Major League Baseball had s shortened but eventful season.  In an amazing season, with a global pandemic and all, the Los Angeles Dodgers won their first World Series in decades.  And, as always,  there was an immigration story to tell.  I could tell about Mexican immigrant Julio Urias closing the series with a save and how that meant much to him because Dodger star Fernando Valenzuela had opened the door to many Mexican ballplayers. As Mike Digiovanna put it in the Los Angeles Times,

"In his mind, Urías wasn’t just helping the Dodgers win their first World Series since 1988. He was carrying on the legacy of Fernando Valenzuela, the Navojoa, Mexico native who, as a 20-year-old left-hander in 1981, sparked the Fernandomania craze and pitched the Dodgers to a championship.

`Ever since I signed, since my debut, we all know which team is most popular among Mexican and Latino people, and it’s because of what Fernando was able to do,' Urías said. `The Dodgers are famous in Mexico, and you’re familiar with what it means to put that blue on. I’m very blessed to be part of the organization.'"

That is an amazing story in itself but the immigration story that I want to tell is this:  one of the Dodger owners, Alan Smolinisky, is the son of immigrants who came to the United States from Argentina with four dollars in his pocket.  In this commentary in TIME, Smolinisky explains:

"Dad embraced America, which meant he naturally fell in love with baseball. His beloved Dodgers, who played just a few miles from the garment district in their new stadium, became part of his life. He’d attend games and sing the “Star Spangled Banner” and “Take Me Out to the Ballgame”. He learned English by permanently tuning his radio to Vin Scully’s Dodger broadcast, which was delivered in the legendary commentator’s warm, unhurried style.

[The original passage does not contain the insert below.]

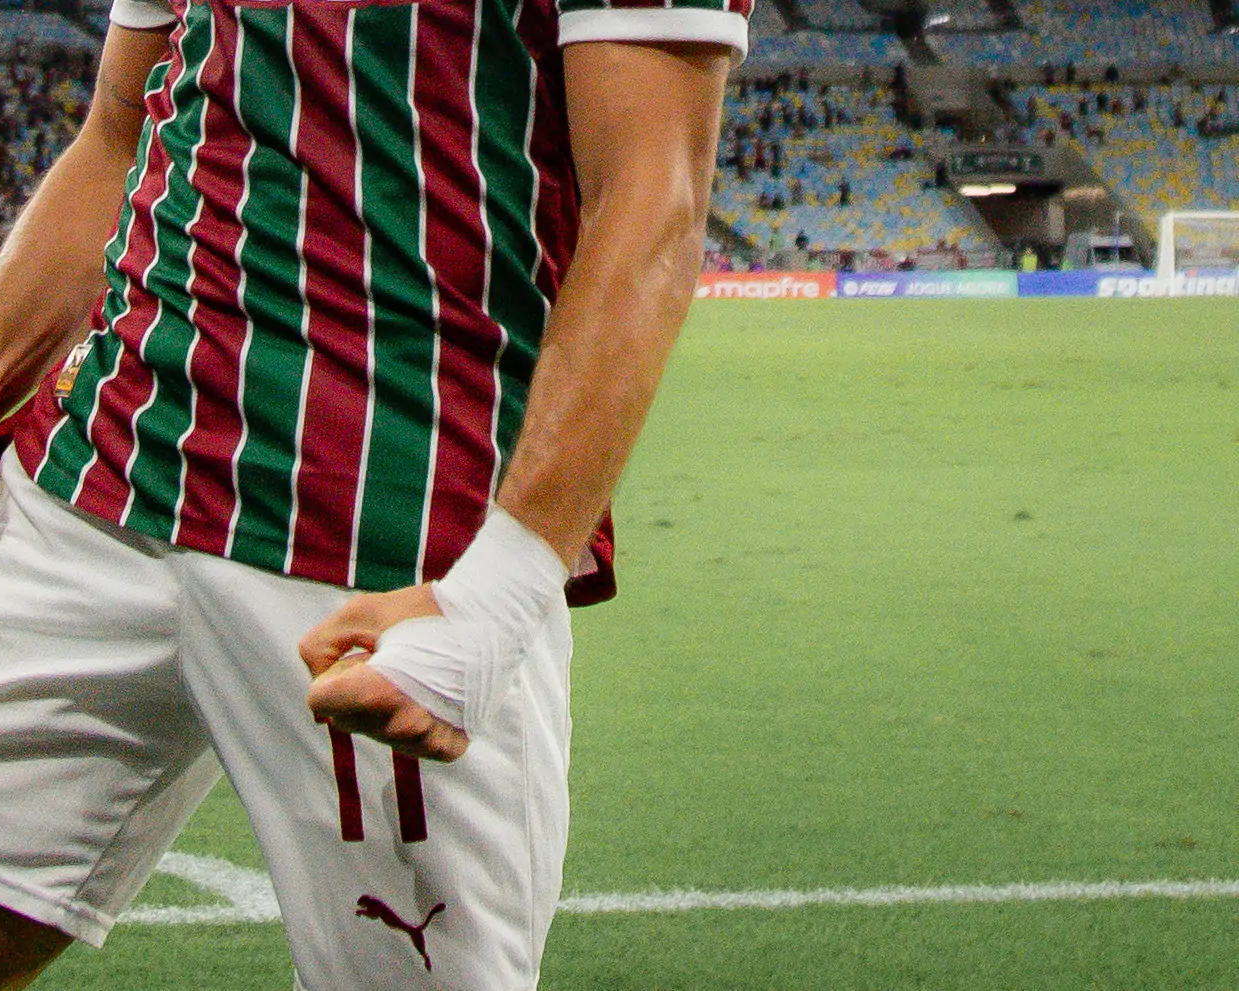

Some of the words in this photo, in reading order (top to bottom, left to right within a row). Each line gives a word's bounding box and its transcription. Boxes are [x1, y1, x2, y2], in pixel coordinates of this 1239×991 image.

With the support of my mother . . . , Dad worked his way up from sweeping floors to the head of a department. He and Mom used their savings so Dad could start a garment business that eventually would bring 30 years of success and allow him to hire and mentor new immigrants. With guidance and encouragement from Dad, many of those immigrants went on to start their own businesses, something that brought him great joy throughout his life. . . .

I arrived at Dodger Stadium with my son for my first game as an owner, 38 years after Dad took me to my first game in that same sanctuary. We arrived early. My boy wore a Clayton Kershaw jersey, I wore Fernando Valenzuela—two legendary Dodger south-paws. We watched batting practice and grabbed peanuts and dogs before lineups were announced.

When called upon to stand for the great American tradition, we rose and removed our Dodger hats placing them firmly over our hearts for the “Star Spangled Banner.” I gazed out at our country’s flag and thought of everything it represented: freedom, opportunity, hope (and, of course, baseball). In no other country on earth would my family’s story be possible."